Task description => Give the records again in full, exactly as they appear, but without the pictures.

[Phrase grounding data]
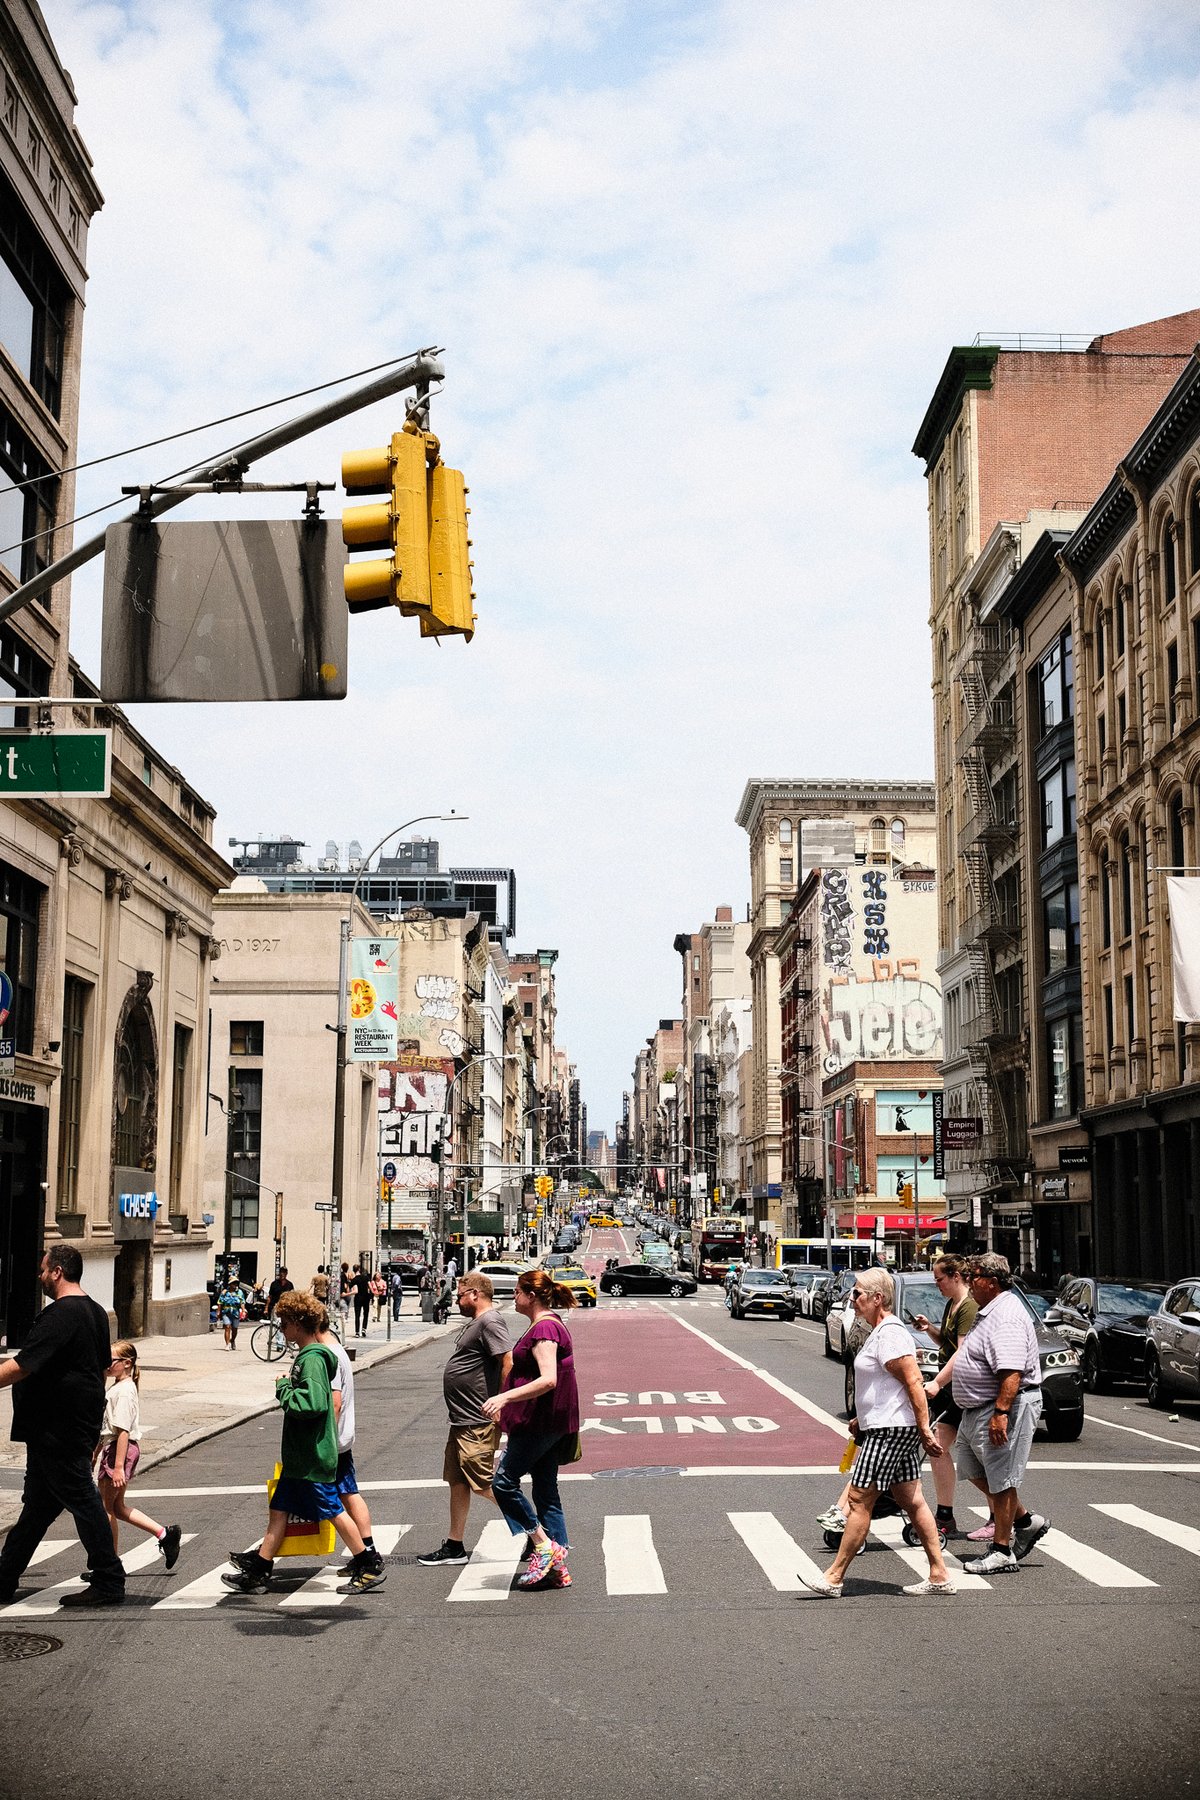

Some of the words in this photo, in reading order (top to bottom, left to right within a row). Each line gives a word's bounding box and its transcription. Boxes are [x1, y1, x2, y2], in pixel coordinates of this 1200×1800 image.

[0, 746, 19, 780] t
[247, 938, 281, 952] 1927
[10, 1080, 36, 1102] COFFEE
[934, 1095, 942, 1119] SOHO
[946, 1130, 979, 1139] Luggage
[948, 1121, 975, 1130] Empire
[935, 1119, 943, 1151] GARDEN
[1062, 1156, 1088, 1164] wework
[124, 1193, 150, 1218] CHASE
[593, 1391, 727, 1406] BUS
[578, 1416, 780, 1434] ONLY
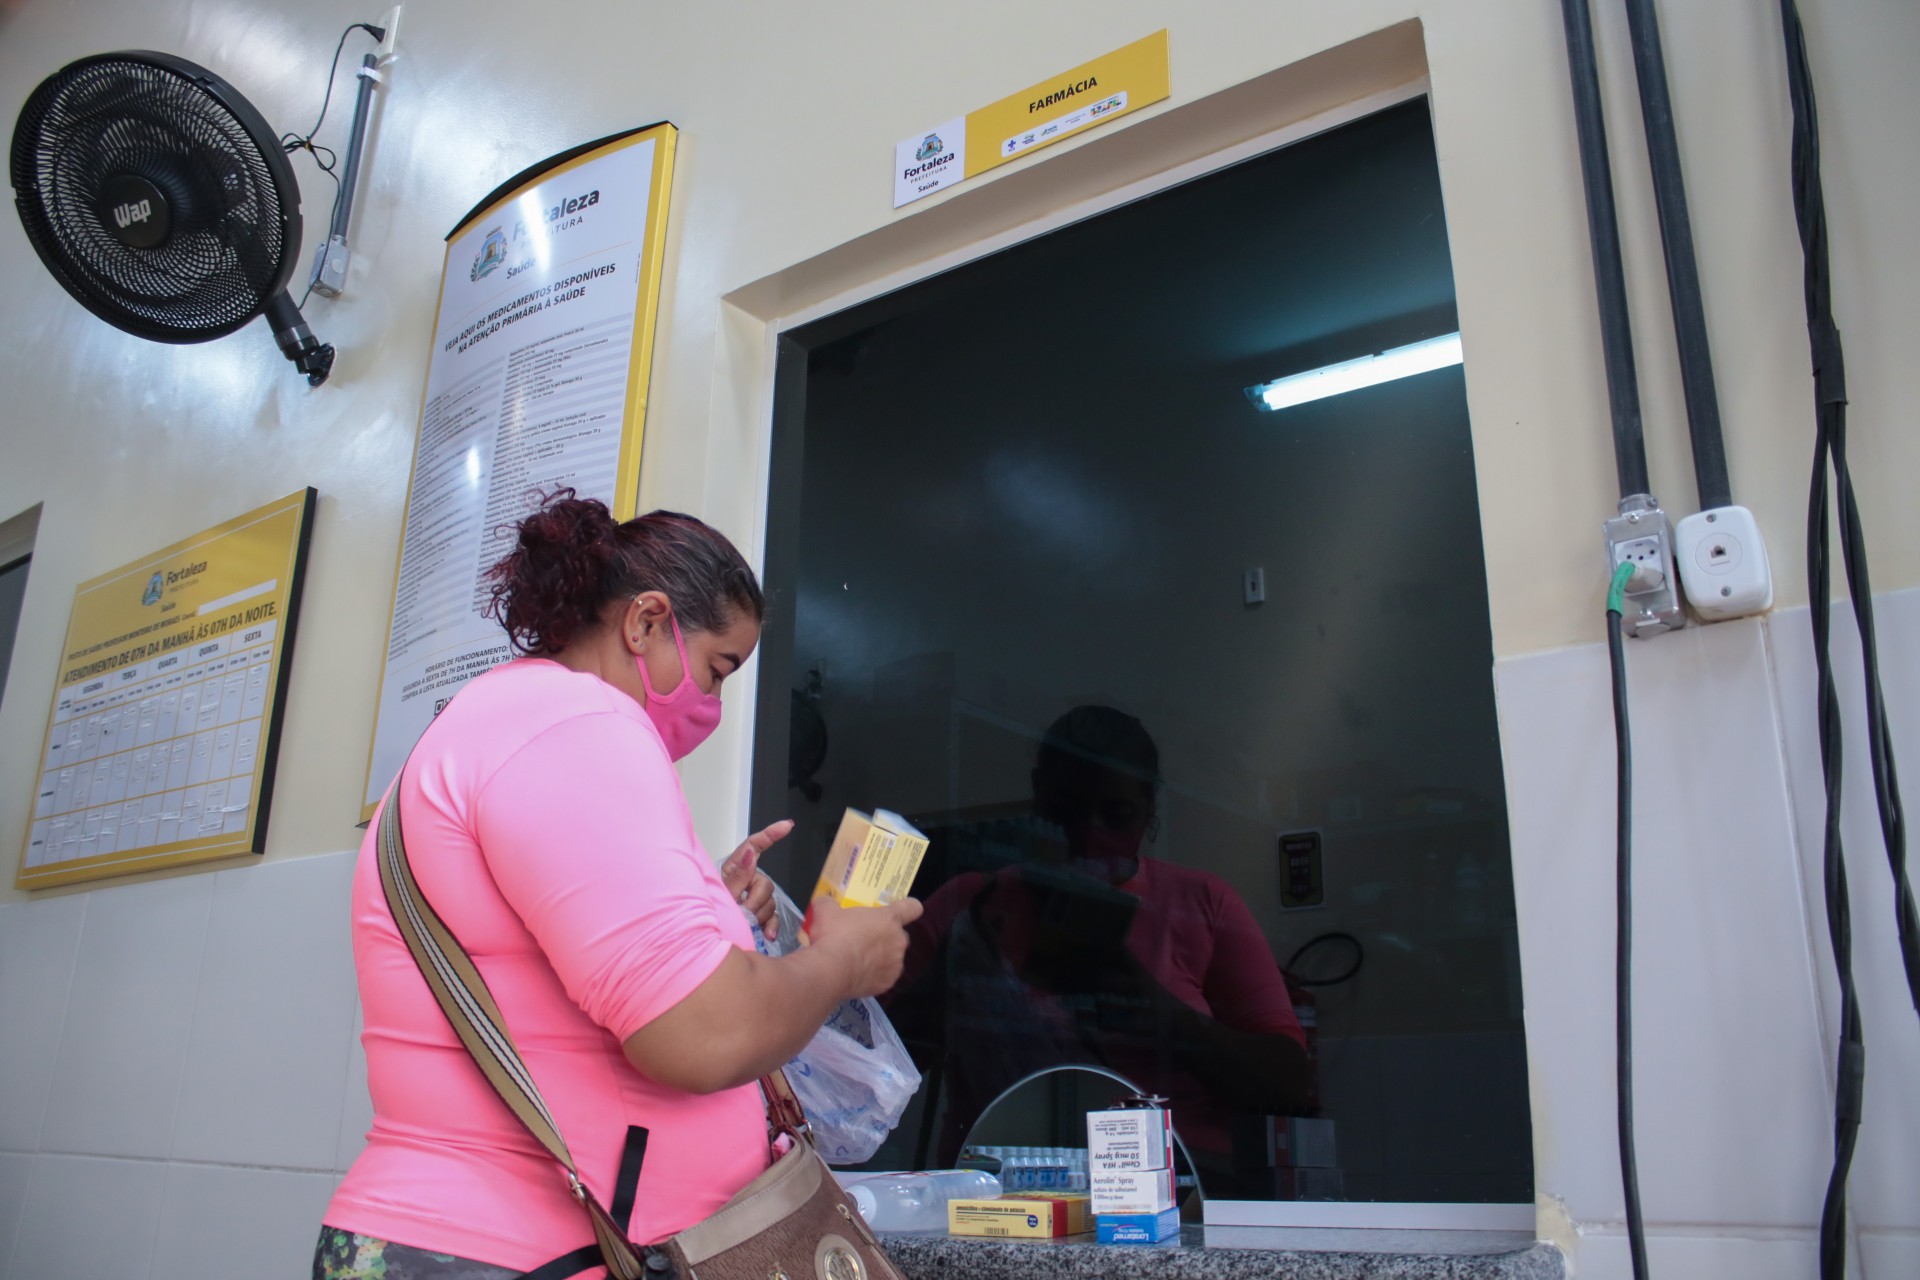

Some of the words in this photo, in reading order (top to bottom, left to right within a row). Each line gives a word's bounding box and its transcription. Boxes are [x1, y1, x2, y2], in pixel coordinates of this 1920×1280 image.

[1029, 77, 1098, 113] FARMÁCIA
[904, 151, 955, 180] Fortaleza
[911, 166, 947, 184] PREFEITURA
[918, 179, 939, 193] Saúde
[114, 199, 152, 228] Wap
[513, 190, 600, 241] Faleza
[521, 216, 583, 248] PITURA
[506, 257, 537, 279] Saúde
[445, 336, 459, 352] VEJA
[459, 323, 476, 343] AQUI
[476, 318, 486, 330] OS
[487, 284, 552, 325] MEDICAMENTOS
[554, 263, 616, 292] DISPONÍVEIS
[458, 344, 468, 355] NA
[469, 321, 501, 350] ATENÇÃO
[502, 303, 543, 330] PRIMÁRIA
[545, 296, 552, 309] À
[554, 286, 586, 307] SAÚDE
[166, 561, 208, 585] Fortaleza
[161, 602, 177, 613] Saúde
[63, 655, 117, 684] ATENDIMENTO
[118, 650, 131, 665] DE
[131, 645, 147, 662] 07H
[147, 640, 160, 656] DA
[162, 627, 195, 651] MANHÃ
[196, 623, 209, 640] ÀS
[210, 620, 228, 636] 07H
[229, 614, 244, 629] DA
[245, 601, 277, 621] NOITE.
[244, 630, 262, 643] SEXTA
[199, 643, 219, 657] QUINTA
[425, 660, 447, 674] HORÁRIO
[447, 657, 455, 667] DE
[455, 645, 509, 664] FUNCIONAMENTO:
[158, 656, 178, 670] QUARTA
[121, 669, 137, 680] TERÇA
[402, 679, 421, 693] SEGUNDA
[426, 672, 440, 683] SEXTA
[440, 669, 448, 678] DE
[448, 666, 456, 675] 7H
[456, 664, 465, 673] DA
[466, 657, 490, 671] MANHÃ
[491, 655, 500, 664] ÀS
[502, 654, 511, 663] 7H
[82, 681, 104, 695] SEGUNDA
[401, 690, 418, 702] CONFIRA
[423, 683, 435, 693] LISTA
[436, 673, 468, 688] ATUALIZADA
[470, 667, 493, 679] TAMBÉ
[1094, 1151, 1113, 1160] Spray
[1102, 1161, 1116, 1169] HFA
[1115, 1151, 1130, 1159] mcg
[1130, 1152, 1140, 1160] 50
[1118, 1177, 1134, 1185] Spray

Solution to the problem =>
Some of the words in this photo, in reading order (top to bottom, left to right within a row). Each line gives a word's bounding box and its transcription. Boxes are [x1, y1, x2, y2], in pixel coordinates of this 1200×1800 image.

[0, 746, 19, 780] t
[247, 938, 281, 952] 1927
[10, 1080, 36, 1102] COFFEE
[934, 1095, 942, 1119] SOHO
[946, 1130, 979, 1139] Luggage
[948, 1121, 975, 1130] Empire
[935, 1119, 943, 1151] GARDEN
[1062, 1156, 1088, 1164] wework
[124, 1193, 150, 1218] CHASE
[593, 1391, 727, 1406] BUS
[578, 1416, 780, 1434] ONLY

Some of the words in this photo, in reading order (top to bottom, left to right within a row). Each line gives a word's bounding box and its transcription. Boxes are [x1, y1, x2, y2], in pixel coordinates of this 1920×1280 image.

[1029, 77, 1098, 113] FARMÁCIA
[904, 151, 955, 180] Fortaleza
[911, 166, 947, 184] PREFEITURA
[918, 179, 939, 193] Saúde
[114, 199, 152, 228] Wap
[513, 190, 600, 241] Faleza
[521, 216, 583, 248] PITURA
[506, 257, 537, 279] Saúde
[445, 336, 459, 352] VEJA
[459, 323, 476, 343] AQUI
[476, 318, 486, 330] OS
[487, 284, 552, 325] MEDICAMENTOS
[554, 263, 616, 292] DISPONÍVEIS
[458, 344, 468, 355] NA
[469, 321, 501, 350] ATENÇÃO
[502, 303, 543, 330] PRIMÁRIA
[545, 296, 552, 309] À
[554, 286, 586, 307] SAÚDE
[166, 561, 208, 585] Fortaleza
[161, 602, 177, 613] Saúde
[63, 655, 117, 684] ATENDIMENTO
[118, 650, 131, 665] DE
[131, 645, 147, 662] 07H
[147, 640, 160, 656] DA
[162, 627, 195, 651] MANHÃ
[196, 623, 209, 640] ÀS
[210, 620, 228, 636] 07H
[229, 614, 244, 629] DA
[245, 601, 277, 621] NOITE.
[244, 630, 262, 643] SEXTA
[199, 643, 219, 657] QUINTA
[425, 660, 447, 674] HORÁRIO
[447, 657, 455, 667] DE
[455, 645, 509, 664] FUNCIONAMENTO:
[158, 656, 178, 670] QUARTA
[121, 669, 137, 680] TERÇA
[402, 679, 421, 693] SEGUNDA
[426, 672, 440, 683] SEXTA
[440, 669, 448, 678] DE
[448, 666, 456, 675] 7H
[456, 664, 465, 673] DA
[466, 657, 490, 671] MANHÃ
[491, 655, 500, 664] ÀS
[502, 654, 511, 663] 7H
[82, 681, 104, 695] SEGUNDA
[401, 690, 418, 702] CONFIRA
[423, 683, 435, 693] LISTA
[436, 673, 468, 688] ATUALIZADA
[470, 667, 493, 679] TAMBÉ
[1094, 1151, 1113, 1160] Spray
[1102, 1161, 1116, 1169] HFA
[1115, 1151, 1130, 1159] mcg
[1130, 1152, 1140, 1160] 50
[1118, 1177, 1134, 1185] Spray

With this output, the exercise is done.